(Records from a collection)
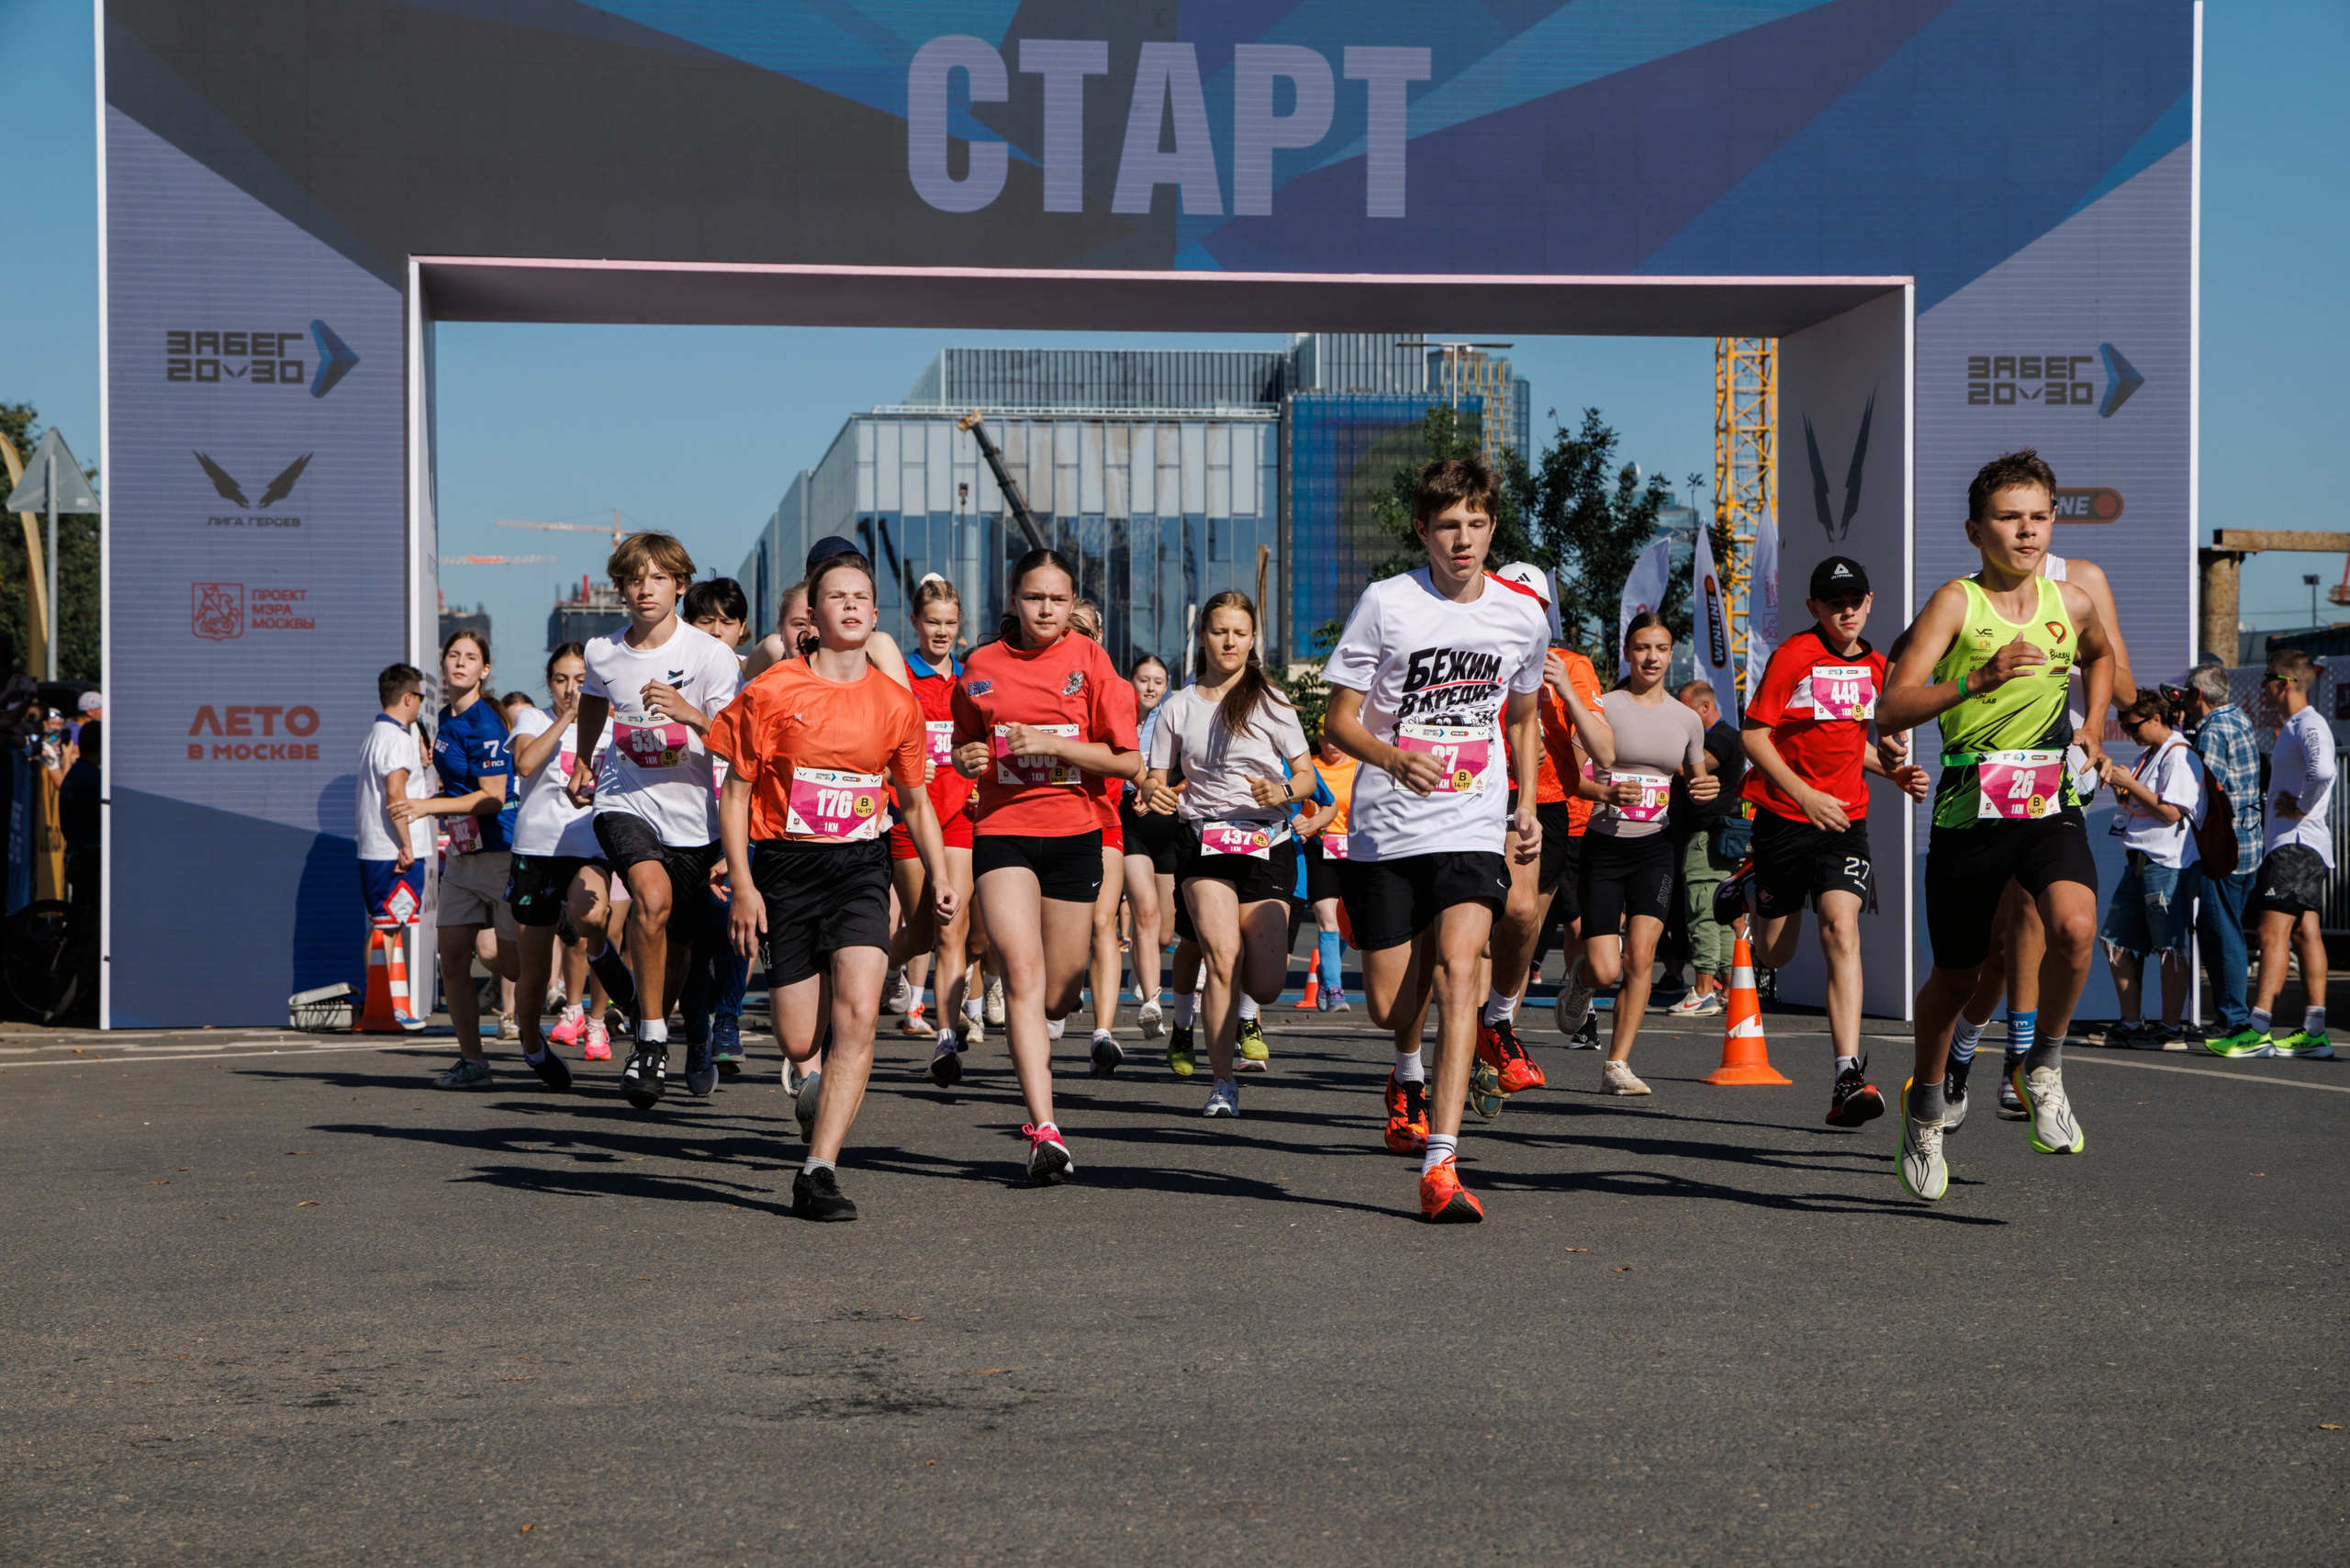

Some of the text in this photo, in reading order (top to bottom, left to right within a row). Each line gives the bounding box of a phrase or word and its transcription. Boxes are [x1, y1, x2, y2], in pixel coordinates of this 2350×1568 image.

[907, 34, 1432, 218] СТАРТ
[166, 330, 304, 358] ЗАБЕГ
[1967, 355, 2094, 381] ЗАБЕГ
[207, 517, 301, 528] ЛИГА ГЕРОЕВ
[252, 589, 308, 601] ПРОЕКТ
[252, 604, 293, 615] МЭРА
[252, 618, 315, 629] МОСКВЫ
[1707, 595, 1724, 662] WINLINE
[1402, 647, 1502, 693] БЕЖИМ
[1831, 681, 1860, 704] 448
[1397, 684, 1501, 719] В КРЕДИТ
[188, 705, 319, 737] ЛЕТО
[483, 740, 499, 757] 7
[631, 728, 667, 753] 530
[187, 744, 319, 760] В МОСКВЕ
[644, 756, 658, 765] 1 KM
[1031, 773, 1045, 781] 1 KM
[1056, 767, 1063, 776] B
[1459, 772, 1467, 780] B
[2008, 769, 2036, 799] 26
[816, 789, 854, 818] 176
[861, 798, 868, 806] B
[2015, 804, 2024, 814] KM
[2033, 797, 2041, 806] B
[824, 822, 838, 833] 1 KM
[1220, 830, 1253, 846] 437
[1843, 857, 1871, 880] 27

** ABOUT THIS TASK **
Could you write out the records again exactly, omitting each image?

** TASK ANSWER **
Some of the text in this photo, in reading order (top to bottom, left to right within a row). Each line gives the bounding box of a phrase or word and its transcription. Boxes are [x1, y1, x2, y2], in pixel coordinates of this 2350×1568 image.

[907, 34, 1432, 218] СТАРТ
[166, 330, 304, 358] ЗАБЕГ
[1967, 355, 2094, 381] ЗАБЕГ
[207, 517, 301, 528] ЛИГА ГЕРОЕВ
[252, 589, 308, 601] ПРОЕКТ
[252, 604, 293, 615] МЭРА
[252, 618, 315, 629] МОСКВЫ
[1707, 595, 1724, 662] WINLINE
[1402, 647, 1502, 693] БЕЖИМ
[1831, 681, 1860, 704] 448
[1397, 684, 1501, 719] В КРЕДИТ
[188, 705, 319, 737] ЛЕТО
[483, 740, 499, 757] 7
[631, 728, 667, 753] 530
[187, 744, 319, 760] В МОСКВЕ
[644, 756, 658, 765] 1 KM
[1031, 773, 1045, 781] 1 KM
[1056, 767, 1063, 776] B
[1459, 772, 1467, 780] B
[2008, 769, 2036, 799] 26
[816, 789, 854, 818] 176
[861, 798, 868, 806] B
[2015, 804, 2024, 814] KM
[2033, 797, 2041, 806] B
[824, 822, 838, 833] 1 KM
[1220, 830, 1253, 846] 437
[1843, 857, 1871, 880] 27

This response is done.